____ DATASET ENTRIES

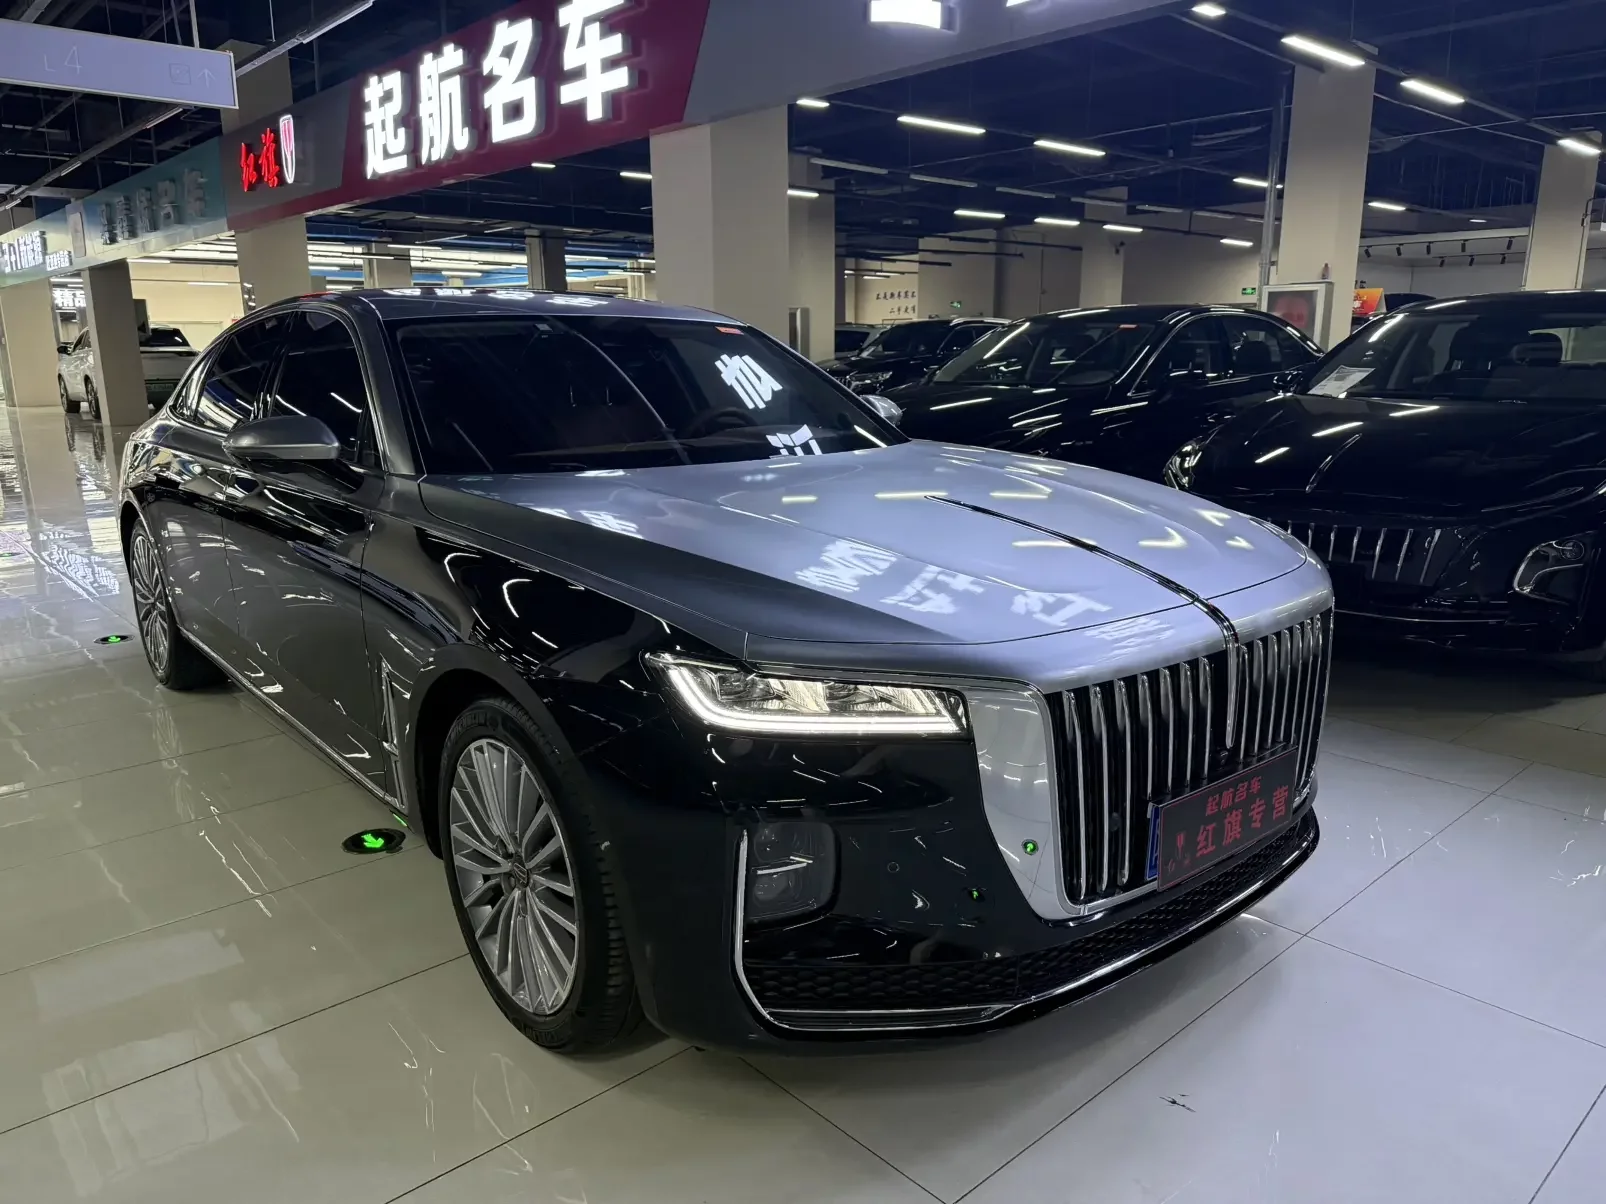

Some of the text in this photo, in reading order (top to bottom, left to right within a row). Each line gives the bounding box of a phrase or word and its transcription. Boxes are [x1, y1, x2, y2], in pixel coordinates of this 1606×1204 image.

[364, 0, 629, 180] 起航名车
[240, 127, 280, 193] 红旗
[1195, 785, 1289, 858] 红旗专营
[1205, 775, 1262, 817] 起航名车

________

→ **EXERCISE DIRECTIONS**
Would it be possible to copy the material exactly, excluding the images?

→ **SOLUTION FOR THIS EXERCISE**
Some of the text in this photo, in reading order (top to bottom, left to right within a row). Each line gives the bounding box of a phrase or word and its transcription. Boxes are [x1, y1, x2, y2], in pixel coordinates of this 1606×1204 image.

[364, 0, 629, 180] 起航名车
[240, 127, 280, 193] 红旗
[1195, 785, 1289, 858] 红旗专营
[1205, 775, 1262, 817] 起航名车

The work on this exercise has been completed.